I was about to go down on her and her dong flopped out and hit me in the chin. This may have a Nam like post-traumatic-stress-disorder effect on me.
She has 2500 facebook friends. I probably should have used a condom.
My student's should feel privledged to see me tuesday after the amount of alcohol I consumed this weekend.
She came home wasted 'not wantin to talk about it' so for revenge I woke her up with a dutch oven and she puked all over me and the bed. I can't win.
Dude I told you 22 year olds shouldn't get married
Miserable. My projectile vomit just woke me up from a 5.5 hour nap.

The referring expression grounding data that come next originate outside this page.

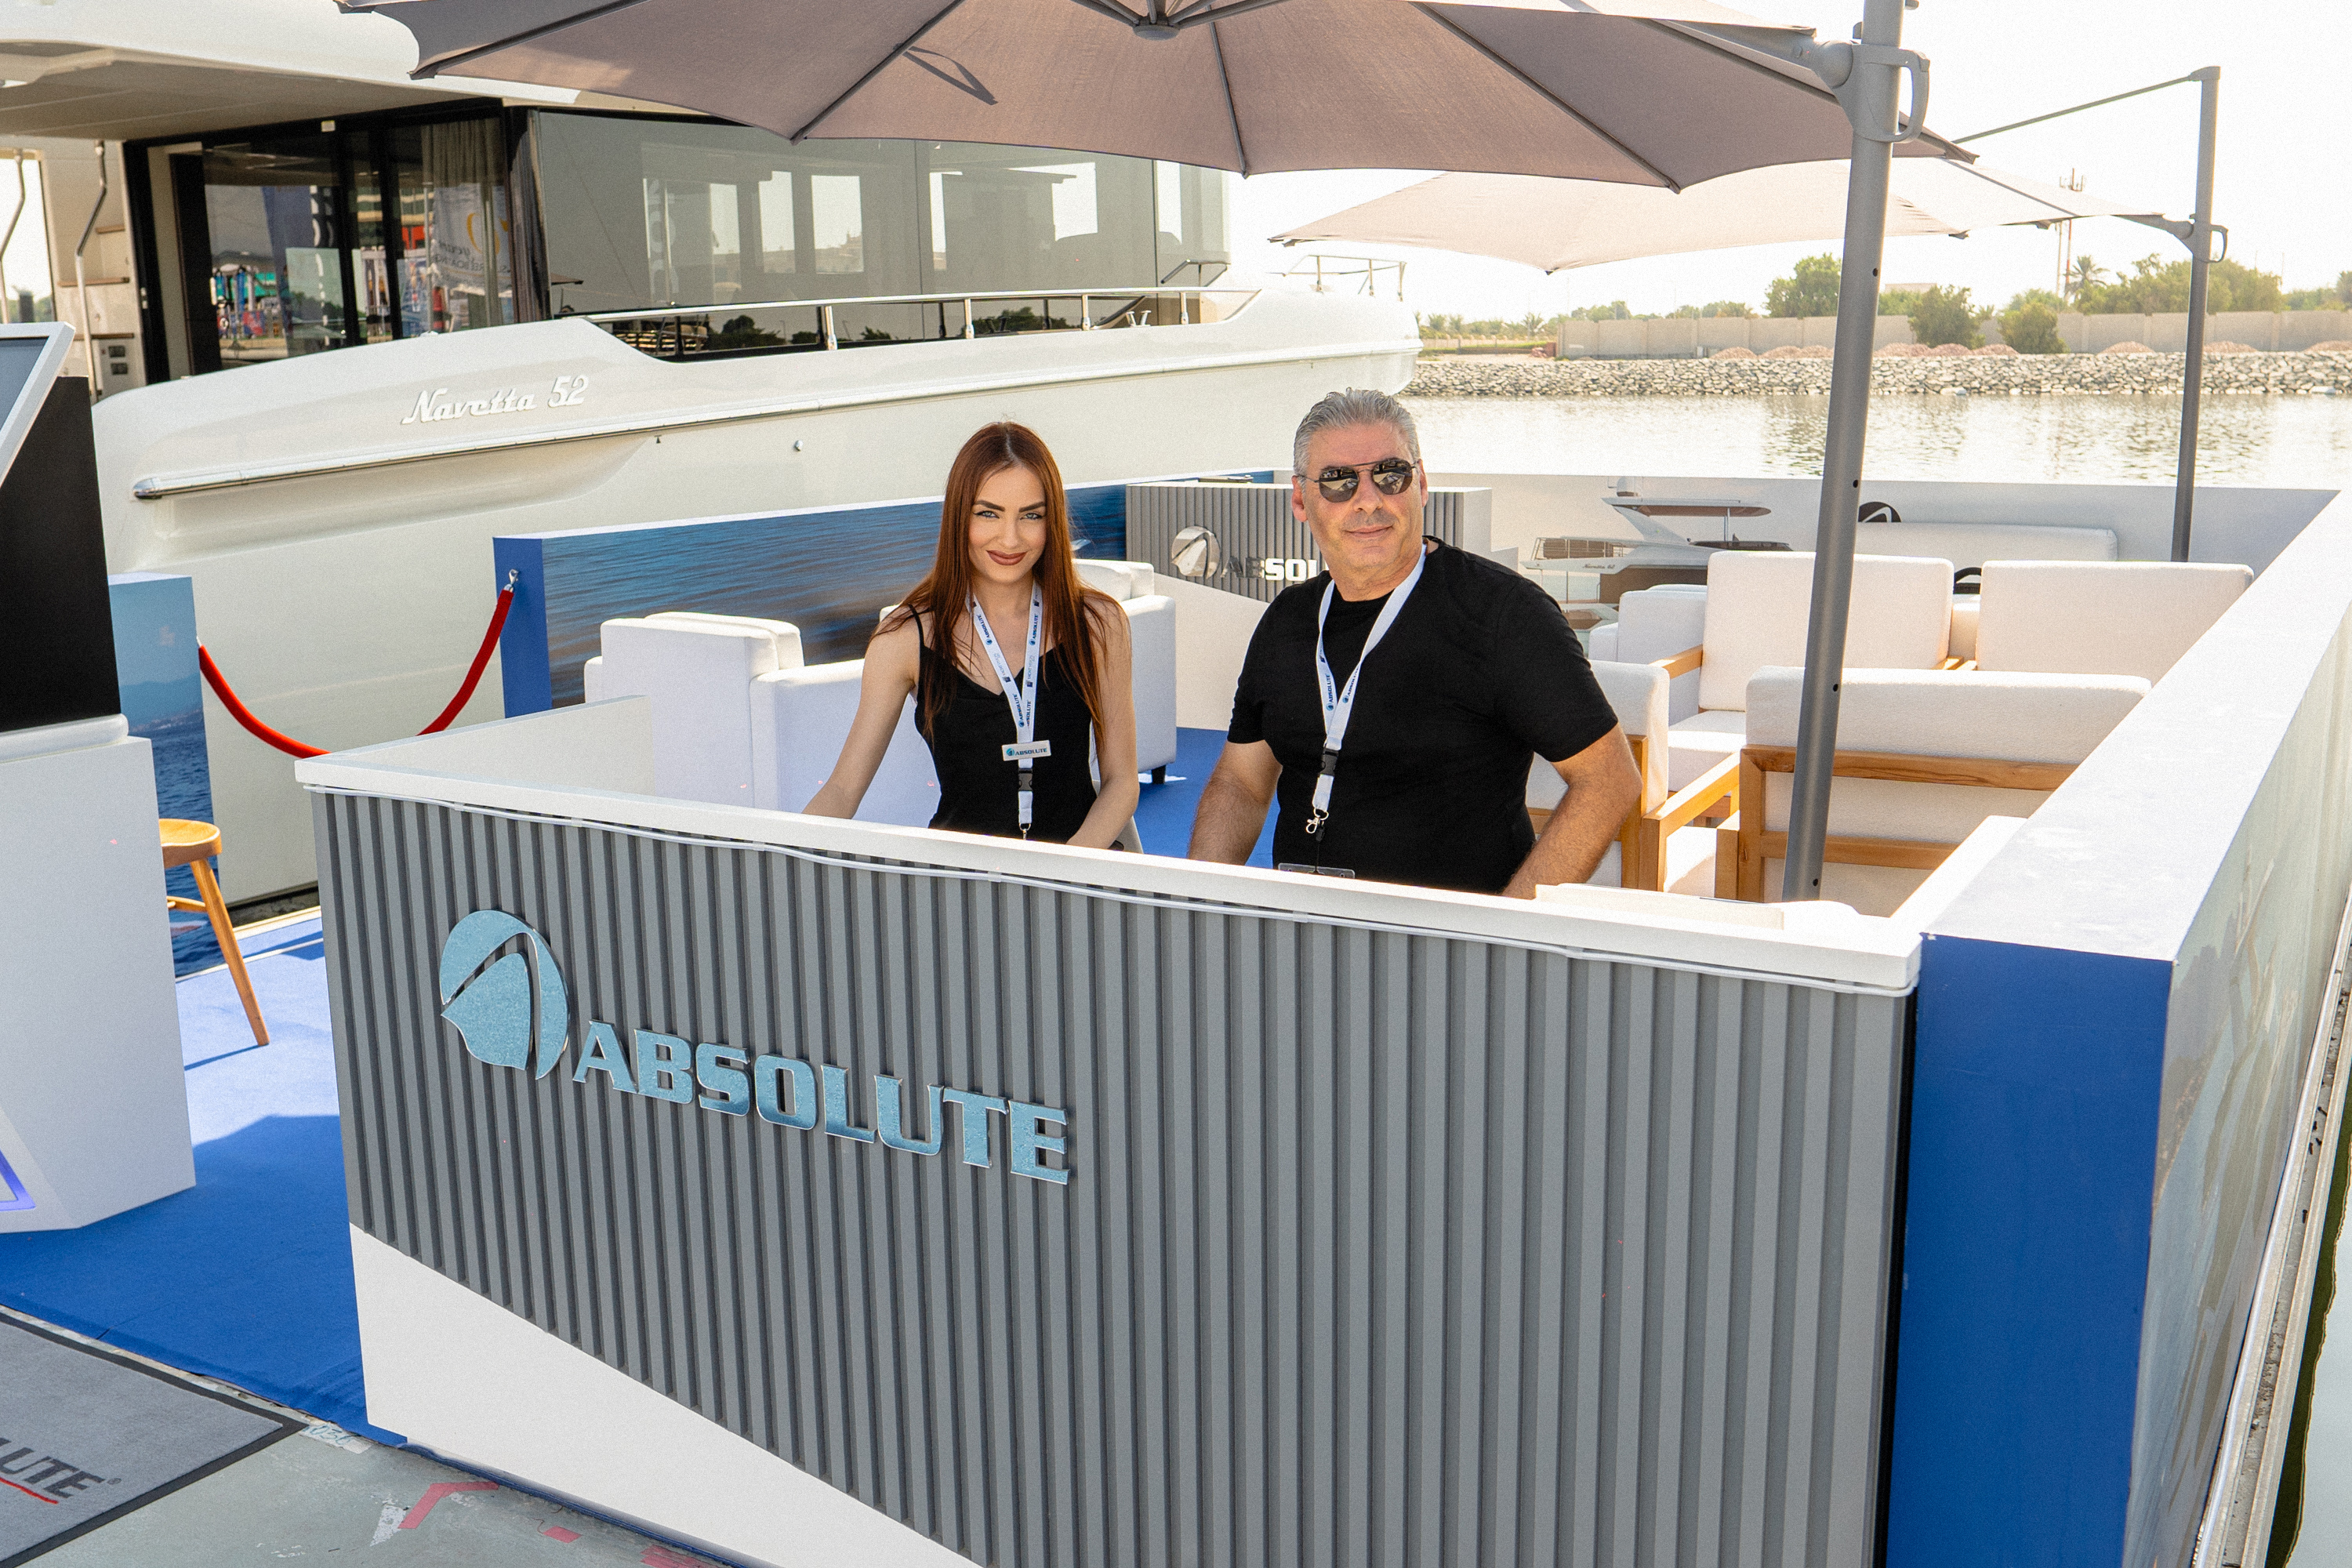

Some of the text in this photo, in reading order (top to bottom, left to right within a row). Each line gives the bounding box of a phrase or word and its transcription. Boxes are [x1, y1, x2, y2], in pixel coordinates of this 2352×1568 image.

[401, 374, 589, 425] Navetta 52
[977, 614, 990, 638] ABSOLUTE
[1325, 673, 1334, 702] ABSOLUTE
[1013, 694, 1023, 720] ABSOLUTE
[1014, 748, 1047, 757] ABSOLUTE
[572, 1019, 1071, 1185] ABSOLUTE

There's a naked kid on the floor on your side of the bed. Don't freak out when you wake up. I think we need to fix the lock on the door...
hey im home...im not sure how this mcdonalds got here but whatever im gonna eat it anyway.
she added emergen-c to the bong-water bro, brilliant.
then he asked me if i wanted to "handle his wingman"
that girl from work that wants to bone me just said 'the last time i went this long without sex was in jail'. sup, red flag
Made out with a girl in a wheelchair and rode her around while I was blackout. On a new level.
I was dressed as bob Ross as this occurred
Every time I stand up, gravity punches me in the tits. This is horrible.
I just paid a hobo to give me his Santa hat so I can take Christmas nudes. Will send them later, they're fire.
You're going to love the baby's room.
I doubt it. I can't have sex there anymore. That severely limits the appeal of the room to me.
If you can't trust the person at the taco cabana drive thru, who can you trust?!